Since Kate cannot do proper provenance tracking in cartridges (Browsers’ execution models make this intractable), there’s no realistic mitigation for this scenario. We display parts of the URL to the user in the hopes it contains enough information for them to make an informed risk decision, but that’s, of course, fallible.
- Link rotting:
Because cartridges are static snapshots that work entirely offline, it’s possible that a player gets to run a cartridge many years after the author has published it, and in that period the URLs included in cartridge have ceased to be published online, have changed, or contain malicious content unintended by the author of the cartridge.
Although this document does not prescribe any mitigation for link rotting, in the future Kate could look into using the date of publication of the cartridge to warn the user of the possibility of the link having changed.
- Unreliable or uncommon protocols:
Cartridges may redirect users to URLs that use insecure protocols, such as plain HTTP, or that are uncommonly used and might result in native applications being open without the user’s expectation. While some of these might not be malicious, there’s still an issue with expectations and the inherent safety guarantees of the protocol.
Kate should only support opening URLs in known safe protocols. It should still support unsafe but common protocols, such as plain HTTP, as long as the user can be informed about the privacy and security risks associated with it.
- Denial of service attacks:
Because Kate exposes URL opening as an API, similar to Browsers’
window.open
API, it’s possible for a malicious cartridge to abuse this power, leading to a similar situation as old popup flooding attacks, where a cartridge could issue so many requests that users would not be able to handle them all, rendering the whole device unusable.Modern browsers mitigate this by both restricting the number of popups that can be shown subsequently and by tying them to a transient user action (e.g.: the user needs to click or press a key for the page to be allowed to show a popup).

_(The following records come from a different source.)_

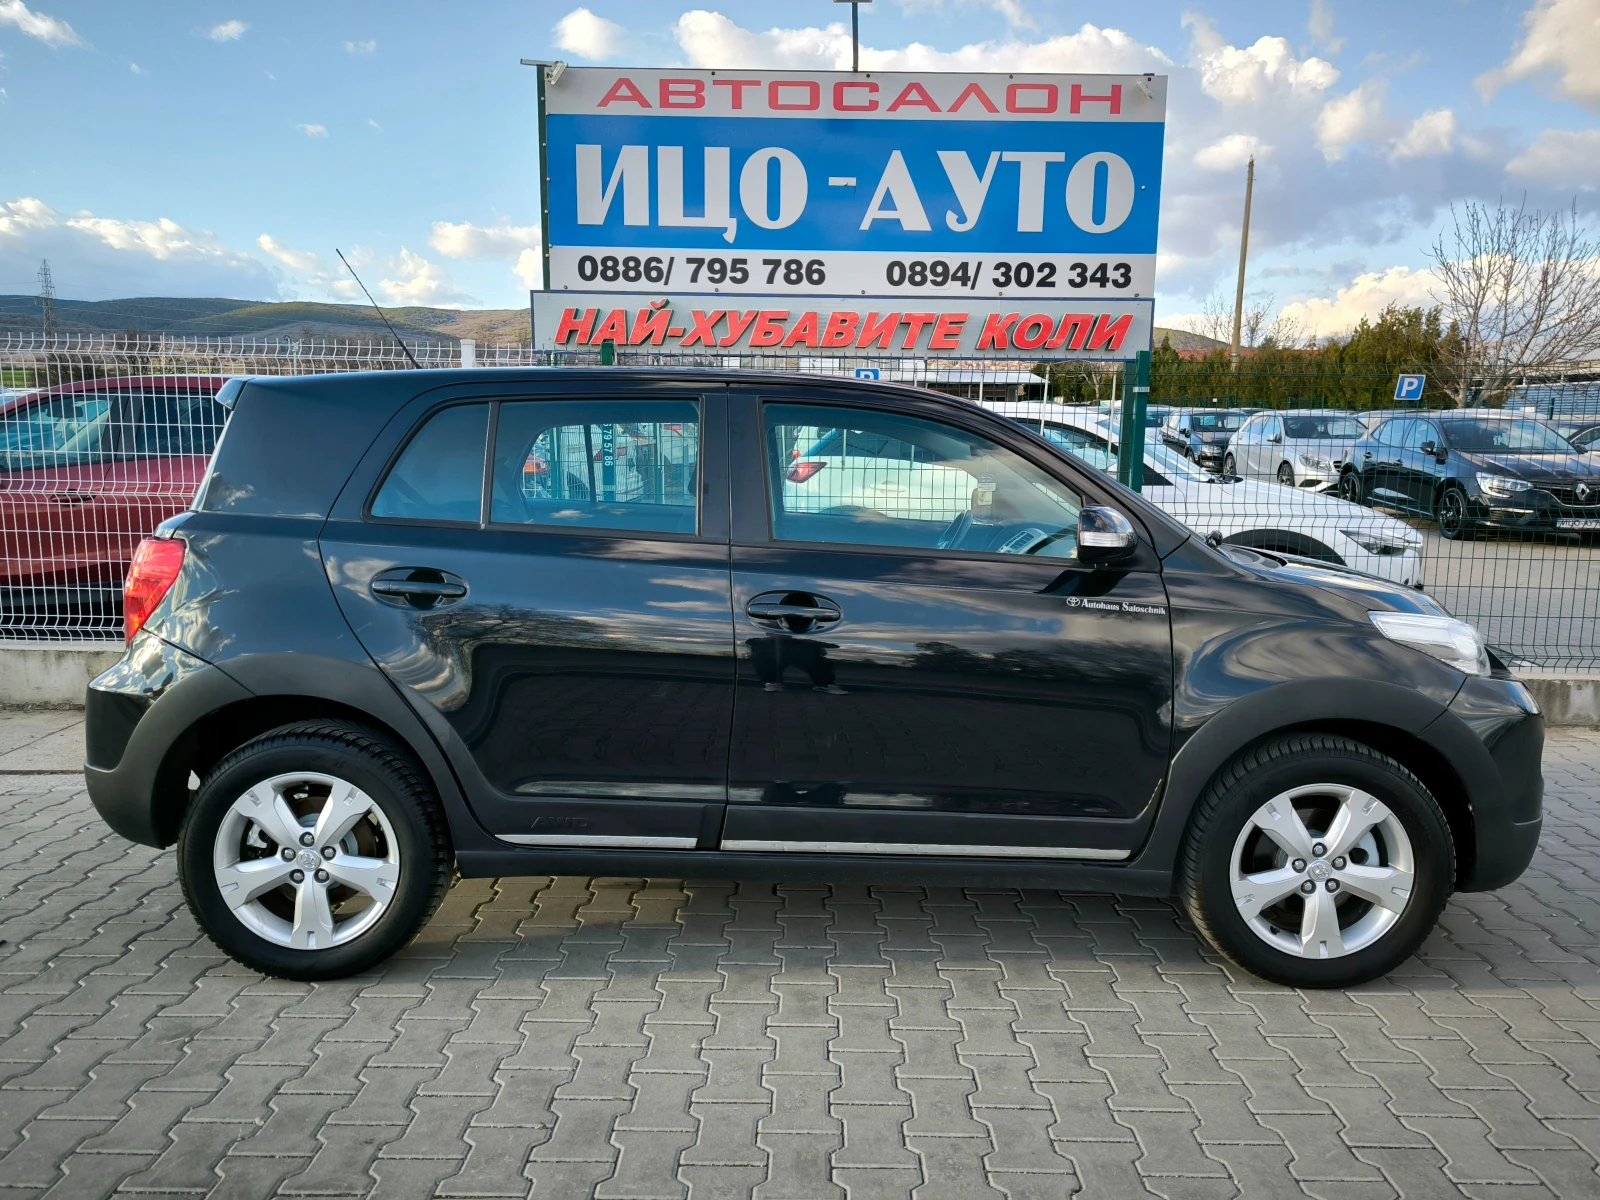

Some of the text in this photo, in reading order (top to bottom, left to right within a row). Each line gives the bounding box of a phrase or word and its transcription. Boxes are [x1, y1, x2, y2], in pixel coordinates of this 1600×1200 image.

[596, 77, 1122, 115] АВТОСАЛОН
[577, 255, 826, 286] 0886/ 795 786
[886, 260, 1132, 290] 0894/ 302 343
[553, 298, 1135, 350] НАЙ-ХУБАВИТЕ КОЛИ
[1400, 377, 1419, 397] P
[604, 430, 612, 440] 79
[604, 443, 612, 453] 57
[605, 456, 613, 466] 86
[1081, 598, 1120, 611] Autohaus
[530, 816, 589, 829] AWD

Kate does not use transient activation directly, but mitigates this instead by giving cartridges a quota of dialogue requests that can be issued, with only one request active at any given time, as well as allowing users to suppress requests from cartridges that abuse it.
- Storage filling attacks:
Kate aims to provide an auditable environment, so all sensitive actions have both immediate and persistent feedback. External URL requests are always logged to persistent storage, but this means there’s a risk that a malicious cartridge may issue several blocked requests in the hopes of filling the storage.
Kate mitigates this by using a supervisor which takes logging requests for these actions and can both apply restrictive quotas to ensure storage doesn’t fill up, merge cancelled requests when logging to the audit log, or one-sidedly terminate particularly misbehaving cartridges to guarantee fair resource usage.
Comparison to prior art#
Though Kate is in a bit of a niche position given its philosophy on security and privacy, it’s not alone in feeling a need to signal to users changes in trust boundaries and privacy guarantees.
When it comes to warning users of this, the most common approaches are:
Active confirmation: before the user can navigate to the external resource, the user is presented with some kind of confirmation dialog that seeks active confirmation from the user. This can be seen in applications like Discord, websites like Pixiv, and libraries like Iframely.
Enriching the link: links that load external resources are rendered in differently from links to internal resources. The difference is usually a small icon suffixed to the link. This can be seen on Wikipedia and other documentation websites.
Showing the destination in a secondary channel: users are able to ask for details about the destination of a link before following it. Browsers generally do this by having the user hover the link with a pointing device, or long-press the link on a touch-enabled device, and then showing the destination on a status bar or popup menu.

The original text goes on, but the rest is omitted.